Chroma’s still a music game; a music shooter actually, and it’s a concept so utterly new and bewildering that it’s hard to ignore. At base level it’s an arena shooter similar to Quake 3, complete with jump pads, boost plates and of course, a shed-load of guns. There’s also a musical component that sees both teams pushing their tunes over the whole map one territory at a time, and a beat-matching mechanic that rewards shots in time with the music.
It’s such a foreign concept that blends two familiar genres into something fresh, and as such; it requires a bit of head-scratching to fully comprehend. We know that each of the five classes and the game’s ten weapons interact with the beat in different ways, each packing their own musical effects and beat-match patterns, together with different bonuses for well-timed, rhythmic blasts. Counter-Strike: Global Offensive collaborator Hidden Path Entertainment is still in the early stages of development, but it’s working with Harmonix to make everything work as it should.
I wanted to know more about how Chroma blends music and gunplay, so I fired off a quick set of questions to Harmonix over email. Project Director and the studio’s Chief Creative Officer Greg LoPiccolo responded and stressed that the project went through a long prototyping phase before both teams decided to commit to the concept, and that early work only really started about a year and a half ago. Full development started last summer and the alpha phase is accepting registrations today. It’s clear that Chroma is far from complete.
“The Engineer class requires full-on beat-matching, which is tricky under fire, but really satisfying once you master it.”
On where the bonkers but brilliant concept came from, LoPiccolo explained, “This was very much [CEO & co-founder Alex Rigopulos’s] idea – he had this feverish vision of a shooter built out of music and light, and he gradually talked the rest of us into it. It has gone through a lot of twists and turns, and continues to – we are still experimenting at a pretty core level.”
On paper the concept does sound quite nuts, but again, new ideas often appear quite radical at first glance. The musical spin really informs each of Chroma’s classes, as LoPiccolo was kind enough to explain for us. “Each player class makes a different degree of musical demand on the player. For instance, the Assault class [final class name TBD] requires very little music skill – you just hold down the button, and damage comes out.

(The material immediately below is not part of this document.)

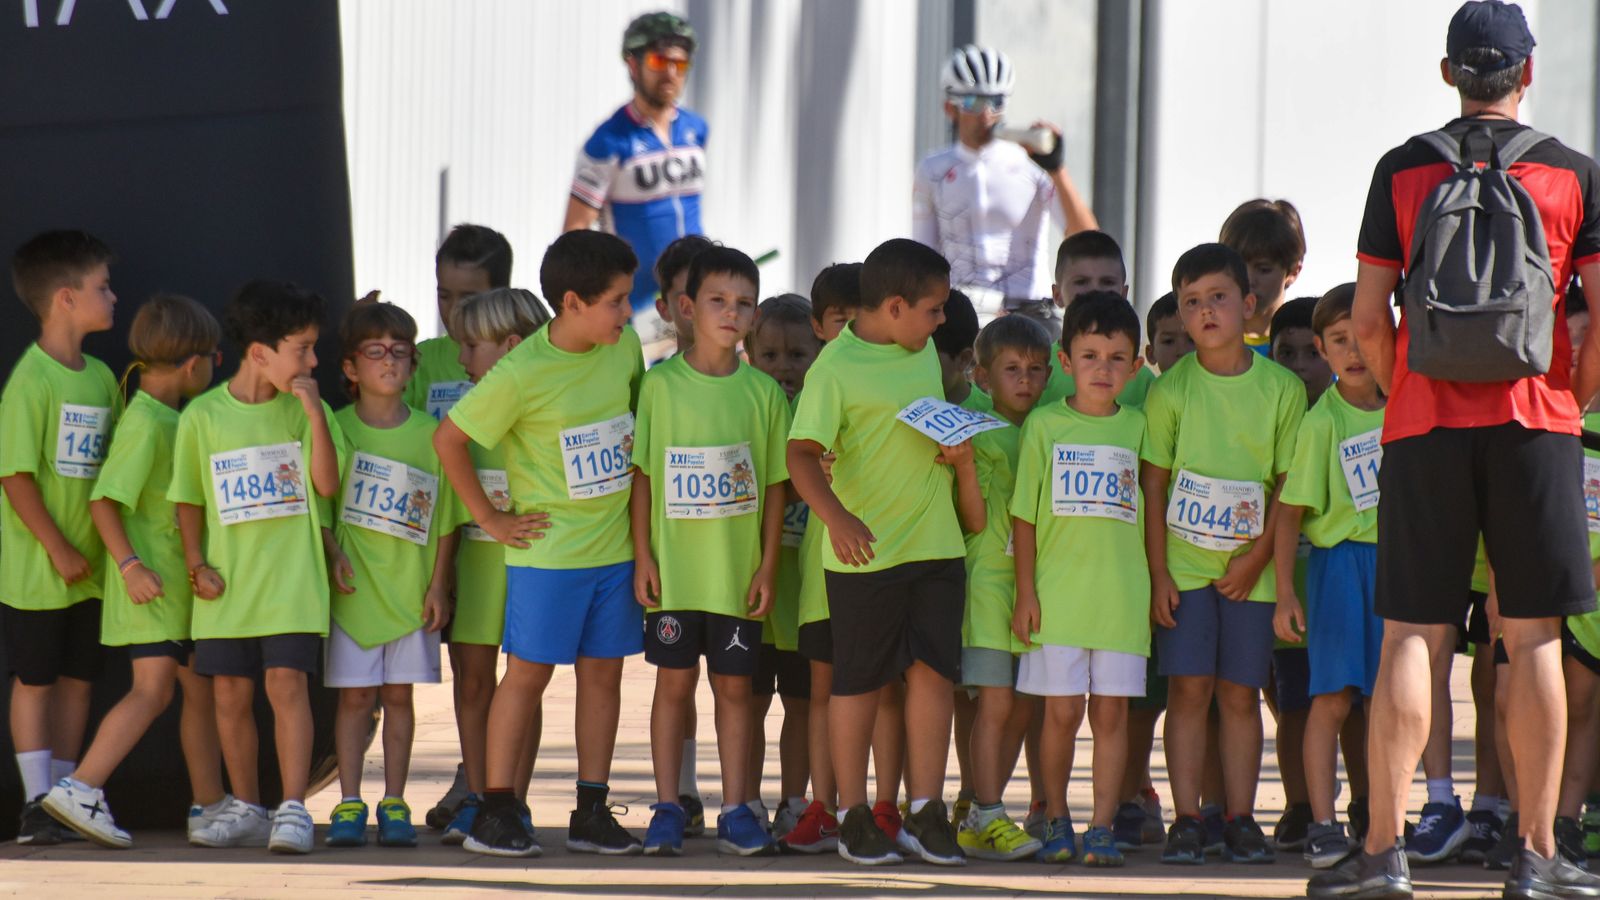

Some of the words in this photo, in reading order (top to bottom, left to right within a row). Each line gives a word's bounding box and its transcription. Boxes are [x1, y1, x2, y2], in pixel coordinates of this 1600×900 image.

“At the other end of the spectrum, the Engineer class requires full-on beat-matching, which is tricky under fire, but really satisfying once you master it. The other classes are somewhere in between, so players can start playing more or less like a conventional shooter, then pick up the music skills as they progress.”
I’m already wary of spray and pray tactics from the countless months I put into each new Call of Duty title, and right now it’s unclear what’s stopping those who just want to play Chroma like a shooter from lone-wolfing their asses all over each arena. Chroma’s a team-based title after all, so one could assume that those simply holding down the trigger without consideration for the music or objectives will be balanced down somehow.
“We would love to see some licensed content in Chroma, but we also want to give our players a lot of creative control over sounds and music that come out of the game.”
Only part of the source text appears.